Sure, Froylan. So yes, our development strategy is focused on a handful of markets: Tijuana, Juarez, Monterrey, Guadalajara, Mexico City and selected Bajio market. We have -- we're in the process of completing a building in our products, a market with a substantial industrial demand. In fact, Peter mentioned this, but over the past few weeks, there have been announcements from 2 players, one in the aerospace and other one in the automotive industry announcing significant investments for new plants instead of Chihuahua in cost in the quarters. And yes, our pipeline is fairly active in all of those markets. And it is focused on both logistics customers and like manufacturing customers.

With regards to retail discounts, I see Simon wanted to share some thoughts. I'll say that I'll remind you that about 40% of our tenant base is essential customers, and they've been performing better than pre-COVID levels and paying full rent on time. So that's, I think, a very important thing to remind you we have a fairly defensive portfolio. With the rest has been a fairly engaged ongoing dialogue and trying to understand what some of our nonessential customers are going through and then having them recognize that they do have a contractual obligation to pay the rent, but also finding a sort of balance between that and the reality where they've been short and with pretty trouble -- going through pretty troubled times. We'll use these time as an opportunity to also plan our portfolio from those customers that have challenged business models, and we'll focus on supporting those where we believe that have business models that are winners for the long term. Simon, you wanted to complement a bit more on the discounts in some of those numbers?

S
Simon Hanna
executive

Yes. Thanks, Juan. And I think you hit the nail on my head there with regards to identifying the key point on our portfolio is the defensive nature with around 40% of our rents, linked to essential tenants who aren't subject to any concession. So once you adjust that for along -- you sort of get to your annualized base rent somewhere just over MXN 300 million for your nonessential tenant base in retail. And so applying that same concession amount of around MXN 44 million on that nonessential ABR, that gets you closer to the 14%. So you're sort of in 1.5- to 2-month type territory.

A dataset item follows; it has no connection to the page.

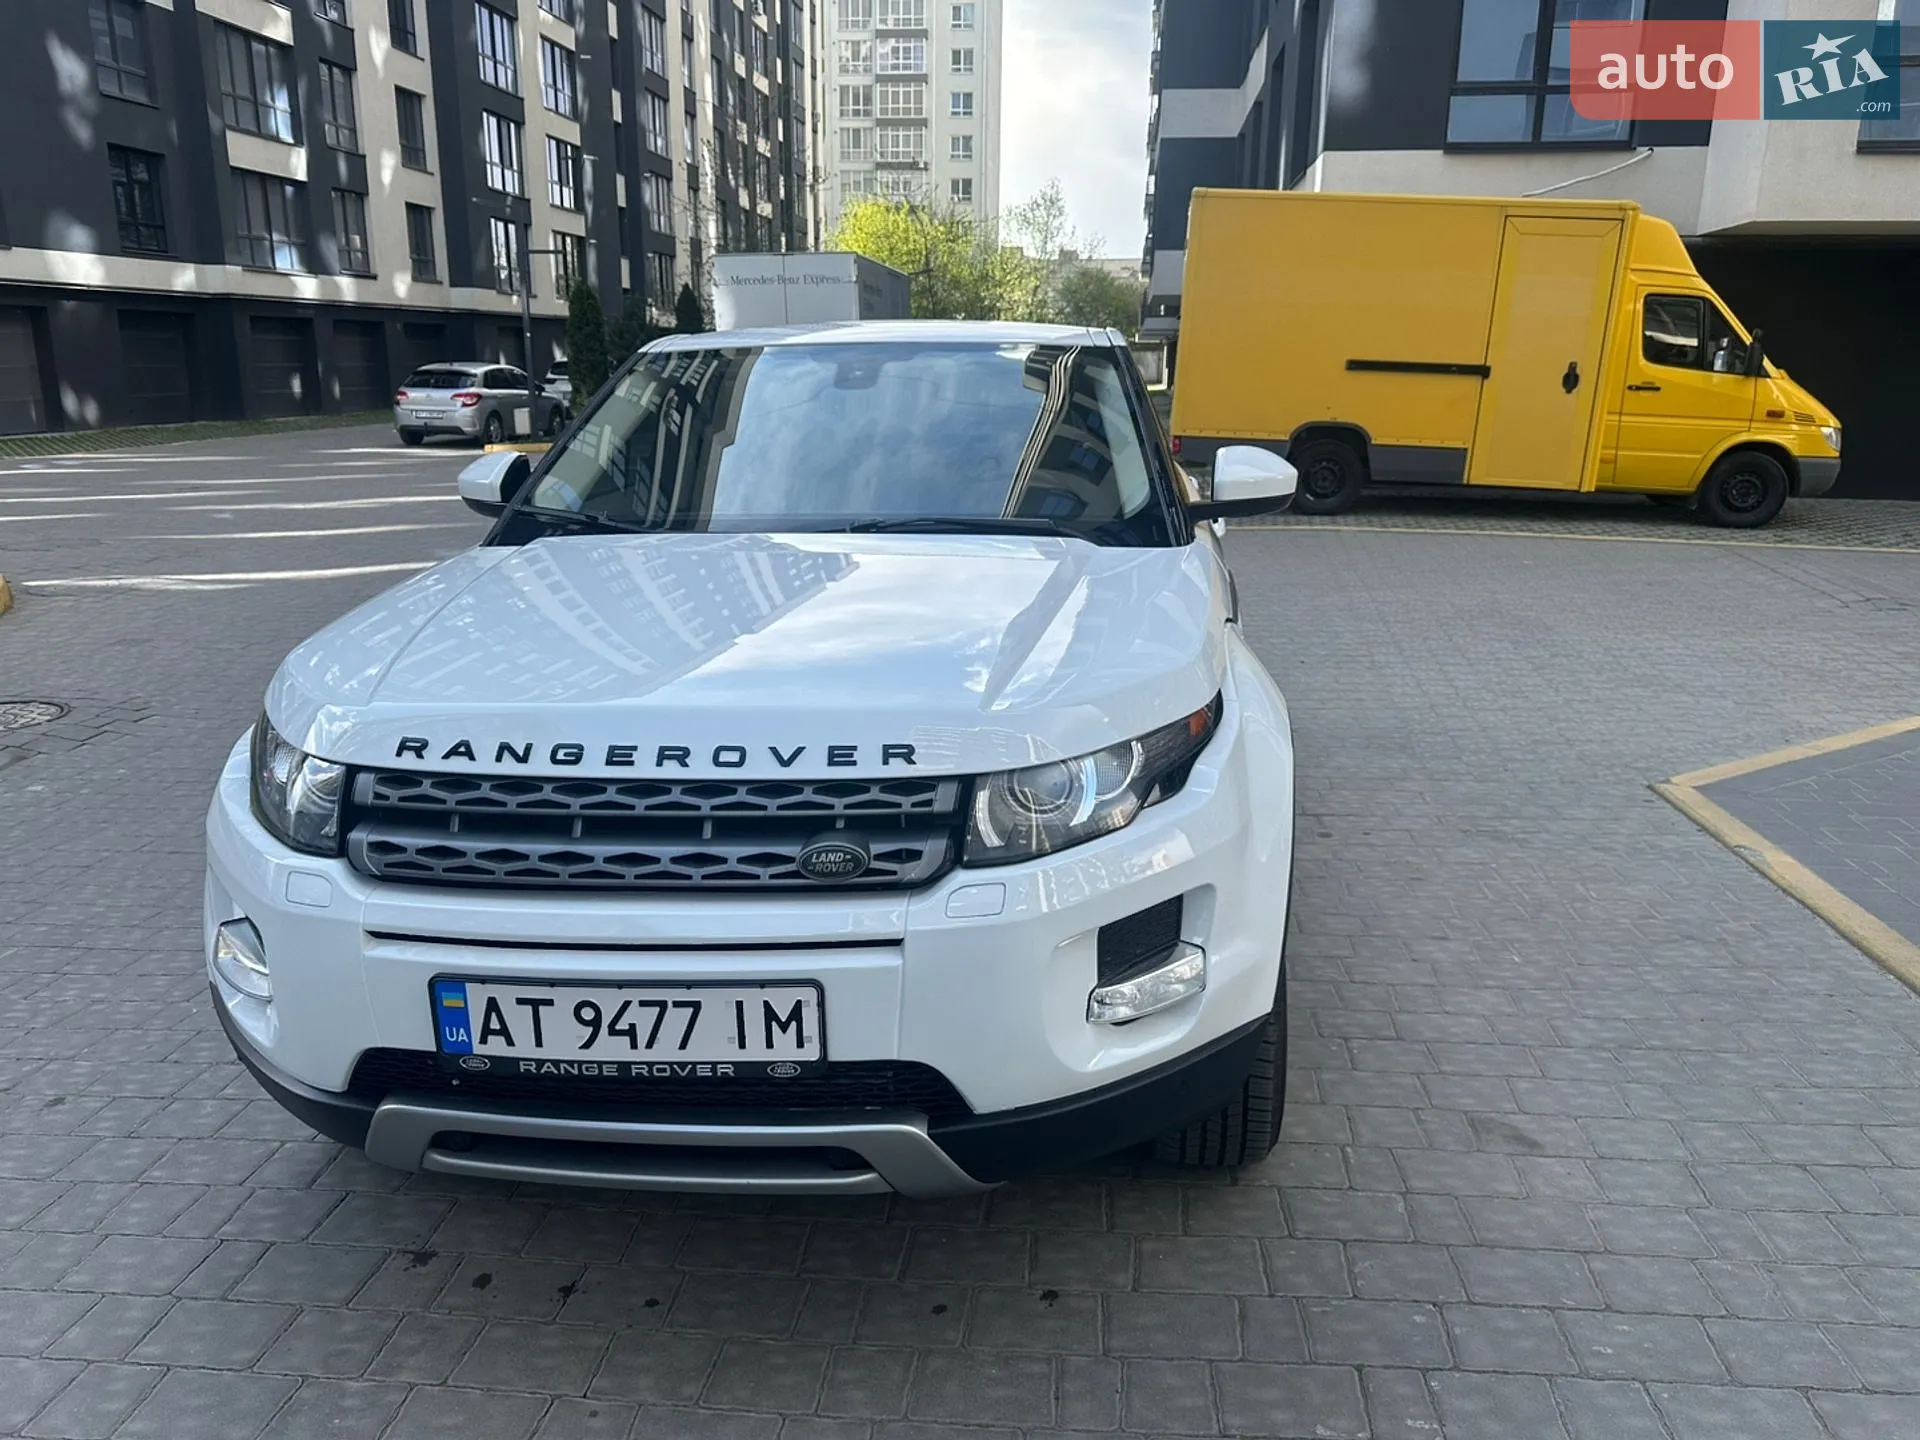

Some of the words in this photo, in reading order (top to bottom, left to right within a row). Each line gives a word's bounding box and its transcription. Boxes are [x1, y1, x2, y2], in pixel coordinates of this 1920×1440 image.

On the nonessential tenants as opposed to the 1% or 1 month, I should say, for the retail portfolio as a whole. So that's sort of, I guess, gives you more explanation as to where the real level of discounting is for the nonessential tenants. And going forward, as we did make clear what we've reported so far is the discounts and the deferrals that we have applied with respect to our second quarter rents only. We are currently going through negotiations and are finalizing second half concessions. So you'll expect to see these numbers being updated on a year-to-date basis next quarter as well, taking into account further concessions, which we expect to apply to second half rents.

Operator

[Operator Instructions] Our next question is from Enrique Alcantara with Citi Group. Enrique, your line is not functioning correctly, so I'm going to turn the call back to our management for their final remarks.

J
Juan Monroy
executive

Thank you, Carmen, and thank you, everyone, for participating in today's call. We look forward to speaking with many of you over the coming days and weeks as well as updating you again soon on our third quarter 2020 results. Thank you very much, everyone.

Operator

And the conference is now concluded. Thank you for joining our presentation today. You may now disconnect.